- **Task directions**: Copy out again, unchanged, the line that contains "this 2212×1659 image." and every line after it down to the last line of the data.

Records from a data collection
_ _ _

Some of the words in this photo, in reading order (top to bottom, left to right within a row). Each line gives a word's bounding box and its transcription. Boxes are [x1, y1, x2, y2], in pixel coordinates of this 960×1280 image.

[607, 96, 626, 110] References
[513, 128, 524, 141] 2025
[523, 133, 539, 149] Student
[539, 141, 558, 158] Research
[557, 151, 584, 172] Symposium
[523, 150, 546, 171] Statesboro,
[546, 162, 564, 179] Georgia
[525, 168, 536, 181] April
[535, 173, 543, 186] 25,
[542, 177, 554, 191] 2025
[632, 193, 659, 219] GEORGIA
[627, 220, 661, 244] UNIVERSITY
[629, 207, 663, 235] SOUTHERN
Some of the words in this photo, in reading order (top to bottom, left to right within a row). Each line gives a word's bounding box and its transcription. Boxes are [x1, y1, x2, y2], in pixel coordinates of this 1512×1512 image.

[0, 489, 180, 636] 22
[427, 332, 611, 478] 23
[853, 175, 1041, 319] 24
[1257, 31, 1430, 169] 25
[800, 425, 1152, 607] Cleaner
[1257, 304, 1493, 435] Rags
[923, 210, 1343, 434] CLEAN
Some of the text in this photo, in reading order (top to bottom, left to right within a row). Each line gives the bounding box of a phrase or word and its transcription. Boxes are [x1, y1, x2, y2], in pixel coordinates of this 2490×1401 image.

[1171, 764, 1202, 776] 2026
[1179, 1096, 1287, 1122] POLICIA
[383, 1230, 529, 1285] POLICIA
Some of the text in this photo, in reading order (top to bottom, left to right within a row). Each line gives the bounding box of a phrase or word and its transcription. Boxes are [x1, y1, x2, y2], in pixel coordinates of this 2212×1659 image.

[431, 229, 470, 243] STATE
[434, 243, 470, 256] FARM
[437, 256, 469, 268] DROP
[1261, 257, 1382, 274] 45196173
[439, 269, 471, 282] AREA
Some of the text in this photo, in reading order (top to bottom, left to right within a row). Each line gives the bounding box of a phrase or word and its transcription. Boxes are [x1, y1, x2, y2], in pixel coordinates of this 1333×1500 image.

_ _ _

- **Answer**:
Some of the text in this photo, in reading order (top to bottom, left to right within a row). Each line gives the bounding box of a phrase or word and its transcription. Boxes are [x1, y1, x2, y2], in pixel coordinates of this 2212×1659 image.

[431, 229, 470, 243] STATE
[434, 243, 470, 256] FARM
[437, 256, 469, 268] DROP
[1261, 257, 1382, 274] 45196173
[439, 269, 471, 282] AREA
Some of the text in this photo, in reading order (top to bottom, left to right within a row). Each line gives the bounding box of a phrase or word and its transcription. Boxes are [x1, y1, x2, y2], in pixel coordinates of this 1333×1500 image.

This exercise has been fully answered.